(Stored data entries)
-- -- --

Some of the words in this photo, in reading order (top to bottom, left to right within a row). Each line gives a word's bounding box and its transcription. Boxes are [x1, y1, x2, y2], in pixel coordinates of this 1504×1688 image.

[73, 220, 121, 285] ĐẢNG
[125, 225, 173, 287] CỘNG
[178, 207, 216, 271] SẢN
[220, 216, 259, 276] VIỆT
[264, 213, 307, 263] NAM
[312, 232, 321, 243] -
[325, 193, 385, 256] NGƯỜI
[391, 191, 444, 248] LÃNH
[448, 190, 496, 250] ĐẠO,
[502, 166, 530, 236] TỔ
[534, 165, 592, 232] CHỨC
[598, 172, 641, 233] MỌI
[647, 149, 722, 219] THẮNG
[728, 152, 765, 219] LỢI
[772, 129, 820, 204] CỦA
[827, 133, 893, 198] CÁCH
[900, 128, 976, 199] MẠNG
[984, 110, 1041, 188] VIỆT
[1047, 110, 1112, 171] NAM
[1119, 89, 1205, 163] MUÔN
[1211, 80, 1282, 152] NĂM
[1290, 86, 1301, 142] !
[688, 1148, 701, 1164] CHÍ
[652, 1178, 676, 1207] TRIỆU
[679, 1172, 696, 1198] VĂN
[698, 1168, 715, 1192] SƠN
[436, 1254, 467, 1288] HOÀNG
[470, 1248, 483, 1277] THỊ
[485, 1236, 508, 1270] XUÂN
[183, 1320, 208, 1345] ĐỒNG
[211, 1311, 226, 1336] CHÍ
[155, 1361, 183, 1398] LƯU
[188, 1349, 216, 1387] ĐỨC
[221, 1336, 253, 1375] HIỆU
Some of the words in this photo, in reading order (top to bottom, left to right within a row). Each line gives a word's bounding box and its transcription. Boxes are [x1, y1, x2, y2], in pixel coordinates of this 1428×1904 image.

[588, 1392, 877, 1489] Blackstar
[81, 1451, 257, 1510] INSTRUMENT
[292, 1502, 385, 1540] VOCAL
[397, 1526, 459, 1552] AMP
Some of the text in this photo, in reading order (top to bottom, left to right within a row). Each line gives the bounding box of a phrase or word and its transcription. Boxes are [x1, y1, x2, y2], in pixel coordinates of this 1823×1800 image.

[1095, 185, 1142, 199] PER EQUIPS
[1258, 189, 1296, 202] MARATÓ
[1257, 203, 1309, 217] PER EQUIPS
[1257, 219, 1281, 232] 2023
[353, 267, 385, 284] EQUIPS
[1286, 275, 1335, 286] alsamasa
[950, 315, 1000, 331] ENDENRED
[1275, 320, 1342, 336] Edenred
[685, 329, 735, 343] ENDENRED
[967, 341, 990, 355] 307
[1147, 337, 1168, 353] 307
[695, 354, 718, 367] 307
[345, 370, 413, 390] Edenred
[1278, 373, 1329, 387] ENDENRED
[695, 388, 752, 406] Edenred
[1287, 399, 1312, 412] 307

-- -- --

Task brief: Each line of the data above should appear again in your answer, exactly as given.

Solution for this problem:
Some of the words in this photo, in reading order (top to bottom, left to right within a row). Each line gives a word's bounding box and its transcription. Boxes are [x1, y1, x2, y2], in pixel coordinates of this 1504×1688 image.

[73, 220, 121, 285] ĐẢNG
[125, 225, 173, 287] CỘNG
[178, 207, 216, 271] SẢN
[220, 216, 259, 276] VIỆT
[264, 213, 307, 263] NAM
[312, 232, 321, 243] -
[325, 193, 385, 256] NGƯỜI
[391, 191, 444, 248] LÃNH
[448, 190, 496, 250] ĐẠO,
[502, 166, 530, 236] TỔ
[534, 165, 592, 232] CHỨC
[598, 172, 641, 233] MỌI
[647, 149, 722, 219] THẮNG
[728, 152, 765, 219] LỢI
[772, 129, 820, 204] CỦA
[827, 133, 893, 198] CÁCH
[900, 128, 976, 199] MẠNG
[984, 110, 1041, 188] VIỆT
[1047, 110, 1112, 171] NAM
[1119, 89, 1205, 163] MUÔN
[1211, 80, 1282, 152] NĂM
[1290, 86, 1301, 142] !
[688, 1148, 701, 1164] CHÍ
[652, 1178, 676, 1207] TRIỆU
[679, 1172, 696, 1198] VĂN
[698, 1168, 715, 1192] SƠN
[436, 1254, 467, 1288] HOÀNG
[470, 1248, 483, 1277] THỊ
[485, 1236, 508, 1270] XUÂN
[183, 1320, 208, 1345] ĐỒNG
[211, 1311, 226, 1336] CHÍ
[155, 1361, 183, 1398] LƯU
[188, 1349, 216, 1387] ĐỨC
[221, 1336, 253, 1375] HIỆU
Some of the words in this photo, in reading order (top to bottom, left to right within a row). Each line gives a word's bounding box and its transcription. Boxes are [x1, y1, x2, y2], in pixel coordinates of this 1428×1904 image.

[588, 1392, 877, 1489] Blackstar
[81, 1451, 257, 1510] INSTRUMENT
[292, 1502, 385, 1540] VOCAL
[397, 1526, 459, 1552] AMP
Some of the text in this photo, in reading order (top to bottom, left to right within a row). Each line gives the bounding box of a phrase or word and its transcription. Boxes are [x1, y1, x2, y2], in pixel coordinates of this 1823×1800 image.

[1095, 185, 1142, 199] PER EQUIPS
[1258, 189, 1296, 202] MARATÓ
[1257, 203, 1309, 217] PER EQUIPS
[1257, 219, 1281, 232] 2023
[353, 267, 385, 284] EQUIPS
[1286, 275, 1335, 286] alsamasa
[950, 315, 1000, 331] ENDENRED
[1275, 320, 1342, 336] Edenred
[685, 329, 735, 343] ENDENRED
[967, 341, 990, 355] 307
[1147, 337, 1168, 353] 307
[695, 354, 718, 367] 307
[345, 370, 413, 390] Edenred
[1278, 373, 1329, 387] ENDENRED
[695, 388, 752, 406] Edenred
[1287, 399, 1312, 412] 307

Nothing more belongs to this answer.